A brute force algorithm lists every possible solution and then compares them to find the best possible solution. This can take a lot of time when in the real world there can be many choices.

The greedy algorithm chooses the best choice at every branch of the path, continuing to make the best choice at each stage and finally linking those choices together into an overall solution. This might miss the best possible solution overall but is much faster than the brute force algorithm.

True
76.
b A brute force algorithm lists every possible solution and then compares them to find the best possible solution. This can take a lot of time but will always find the ideal solution.
False
77.
b

A brute force algorithm lists every possible solution and then compares them to find the best possible solution. This can take a lot of time when in the real world there can be many choices.

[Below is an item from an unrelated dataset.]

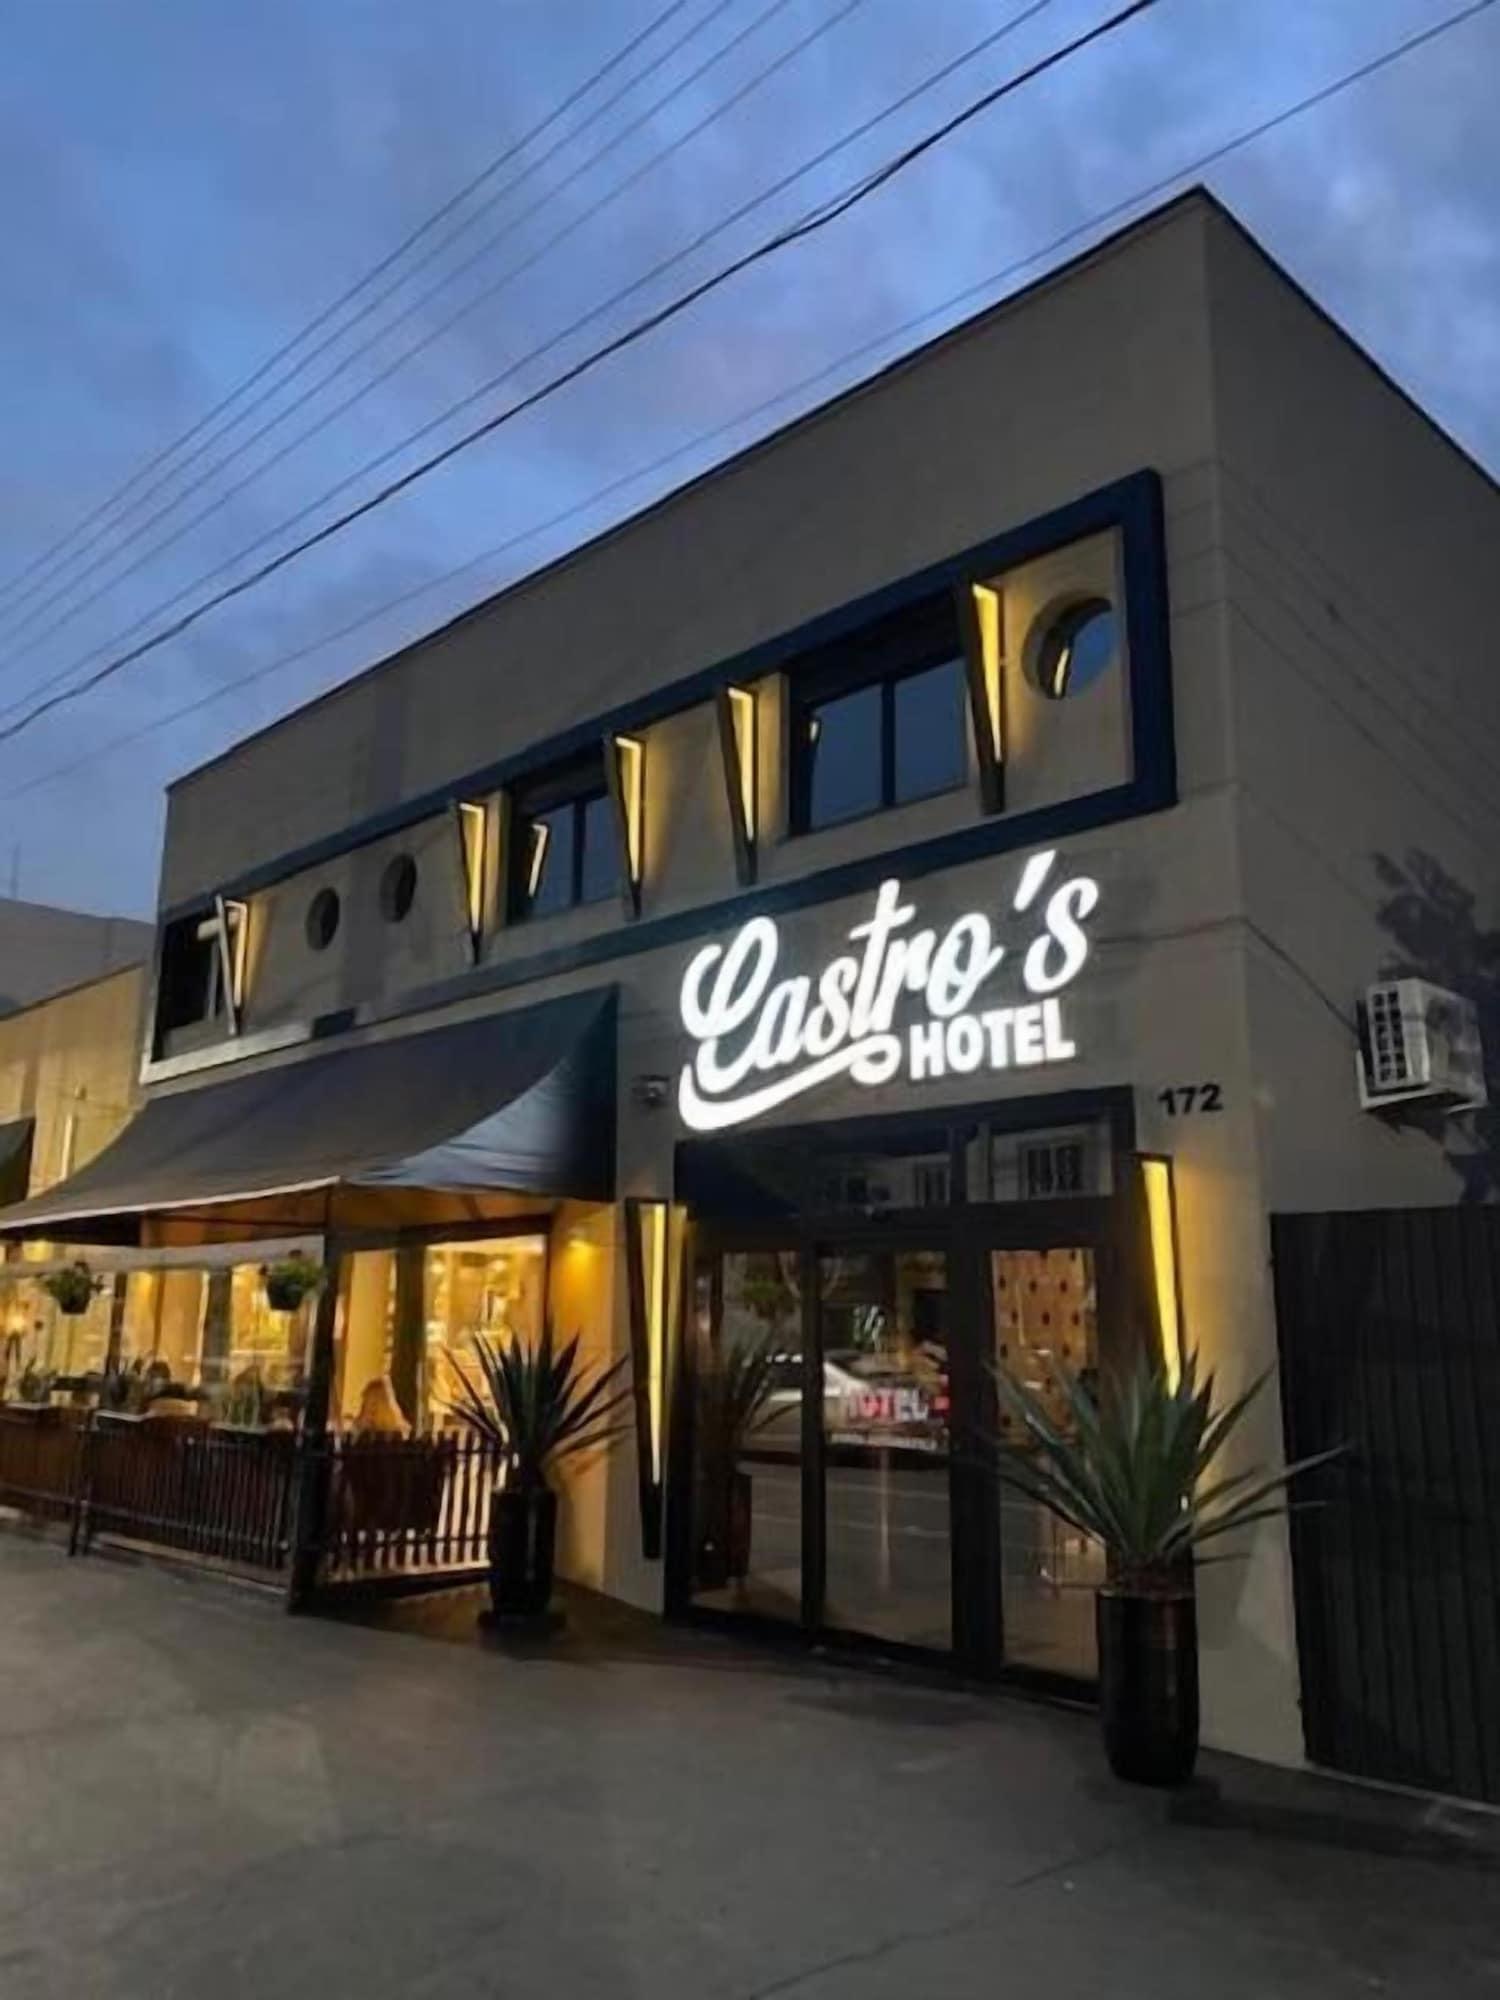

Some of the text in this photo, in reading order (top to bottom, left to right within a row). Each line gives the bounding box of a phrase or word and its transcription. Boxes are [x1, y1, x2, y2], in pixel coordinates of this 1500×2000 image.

[680, 849, 1099, 1094] Castro's
[909, 999, 1076, 1081] HOTEL
[1158, 1084, 1224, 1116] 172

The nearest neighbor algorithm chooses the best choice at every branch of the path, continuing to make the best choice at each stage and finally linking those choices together into an overall solution. This might miss the best possible solution overall but is much faster than the brute force algorithm.

False
78.
b

A brute force algorithm lists every possible solution and then compares them to find the best possible solution. This can take a lot of time when in the real world there can be many choices.

The greedy algorithm chooses the best choice at every branch of the path, continuing to make the best choice at each stage and finally linking those choices together into an overall solution. This might miss the best possible solution overall but is much faster than the brute force algorithm.

False
79.
a A brute force algorithm lists every possible weighted Hamilton cycle and then compares them to find the cycle with the least weight.
True
80.
b The nearest neighbor algorithm chooses the best choice at every branch of the path, continuing to make the best choice at each stage and finally linking those choices together into an overall solution. This might miss the best possible solution overall but is much faster than the brute force algorithm.
False
81.
b The traveling salesman problem is the shortest route to travel to multiple points and return to the original location.
False
82.
a True
83.
a True
84.
b

The number of distinct Hamilton cycles of a complete graph with n vertices is ( n 1 ) !.

Since half of those cycles are the reverse of the others, there are only ( n 1 ) ! 2 distinct weighted cycles.

False
85.
b A spanning tree has no cycles. By definition, a spanning tree is acyclic.
False
86.
a A spanning tree has no cycles. By definition, a spanning tree is acyclic. Since it has no cycles, it has no triangles.
True
87.
a By definition, a spanning tree must span the whole graph by visiting every vertex of a graph.
True
88.
a Spanning trees are connected, acyclic, and visit every vertex in a graph. They are the unique path that visits every vertex in a graph.
True
89.
a All trees are connected.
True
90.
b Kruskal’s algorithm is a method of finding a minimum spanning tree of a weighted graph, not for finding all the different spanning trees.
False
91.
b In examples in the lesson, you found the spanning tree for graphs with cyclic subgraphs.
False
92.
a Kruskal’s algorithm is a method of finding a minimum spanning tree of a weighted graph. It can be used in practical applications such as finding the most economical way to install a computer network.
True
93.
a Kruskal’s algorithm is a method of finding a minimum spanning tree of a weighted graph. The tree it finds includes every vertex of the original graph with the least weights that do not create a cycle.
True
94.
a A cut edge is another term for a bridge. If you delete the cut edge from the spanning tree, the graph is no longer connected. Thus, you cannot delete the cut edge/bridge from the spanning tree or the graph is no longer connected. A spanning tree must be connected.